There is no denying that the law has developed significantly over the last 75 years to protect against racial discrimination and that society and workplaces generally have become more accepting of racial differences. The NHS has also taken significant steps to make its workplace more inclusive.  That said, evidence from numerous reports, cases (such as Cox)  and personal experiences, demonstrates that there is still a long way to go to eradicate racism and achieve equality in the workplace.  

The Government’s recently published update on its progress in delivering its Inclusive Britain Action Plan suggests a number of initiatives.  Whilst encouraging, it is questionable whether they go far enough to address systemic issues of racism, particularly as many of the initiatives simply involve the production of guidance for employers and other decision-makers who wish to make changes within their organisation, rather than preparing and implementing legislation that would require decision-makers to effect meaningful change

If we really want to achieve significant change in time for Windrush and NHS 100 then the introduction of mandatory ethnicity pay gap reporting and more robust, permissible positive action measures are just some of the steps that could be considered.  Ethnicity pay gap reporting will be considered in more detail in a forthcoming article in ELA Briefing.

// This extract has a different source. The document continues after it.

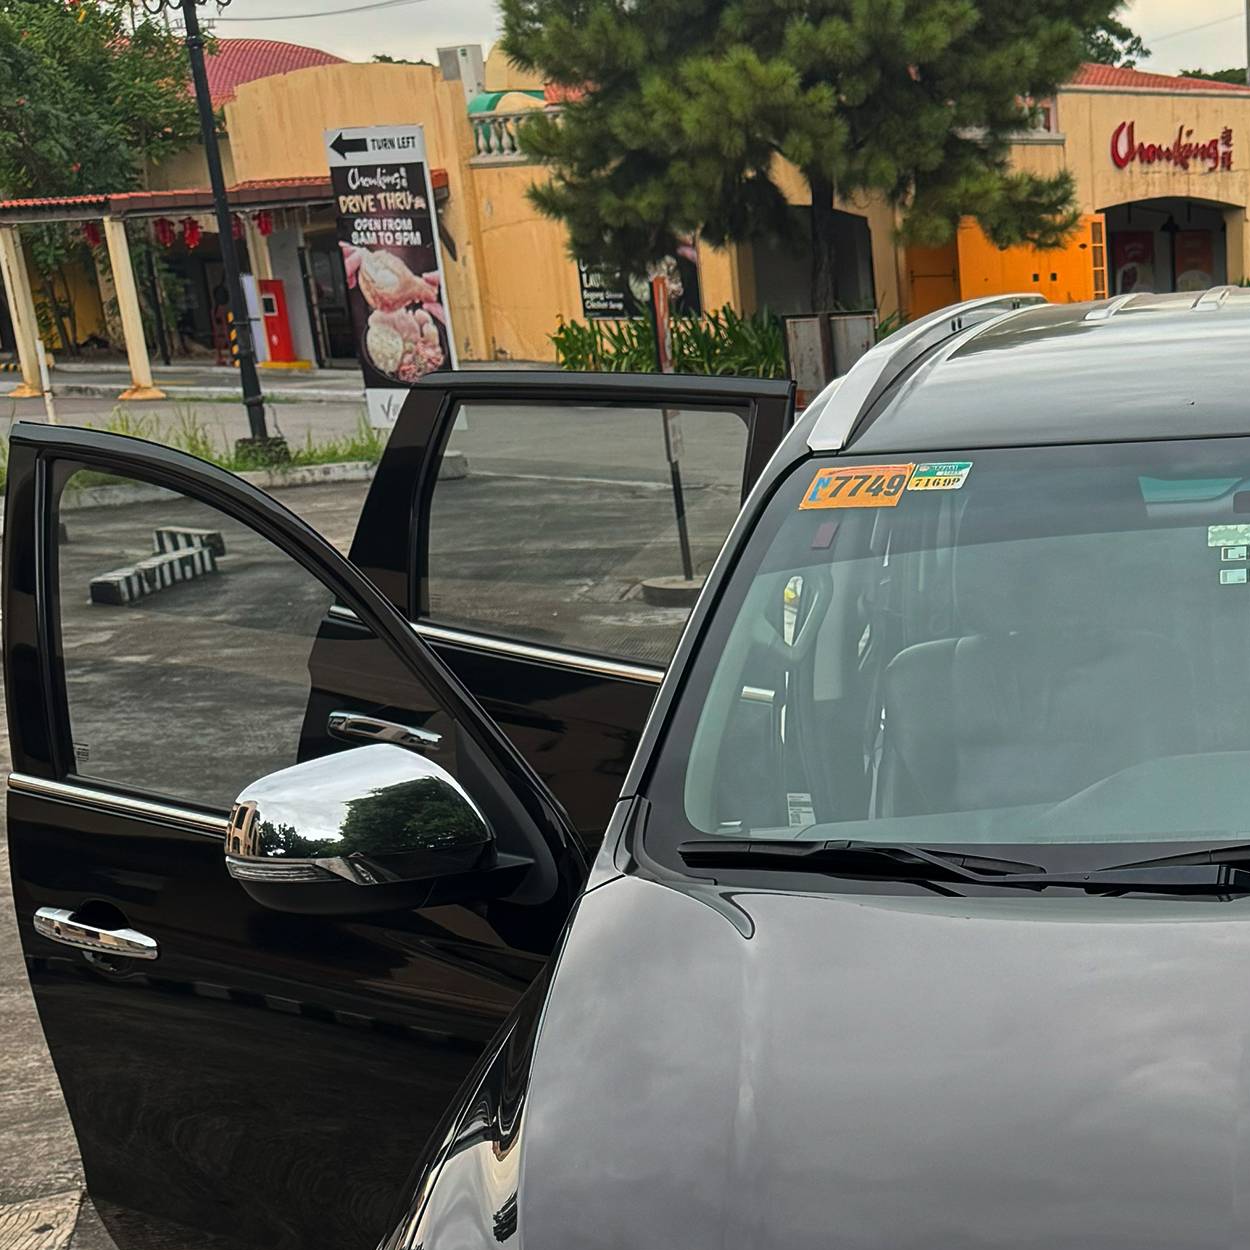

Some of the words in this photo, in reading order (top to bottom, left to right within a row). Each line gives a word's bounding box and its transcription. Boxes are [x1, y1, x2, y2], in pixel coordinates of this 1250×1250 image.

Action plans, policies and legislation alone are never enough to remove prejudices and discrimination; these need to be accompanied by education, empathy, a dismantling and rebuilding of the infrastructure that enables discrimination and an ongoing determination within workplaces to monitor, and critically evaluate progress.

As employment law practitioners, we are uniquely placed to recognise and champion race equality issues and advocate for the elimination of discrimination in the workplace.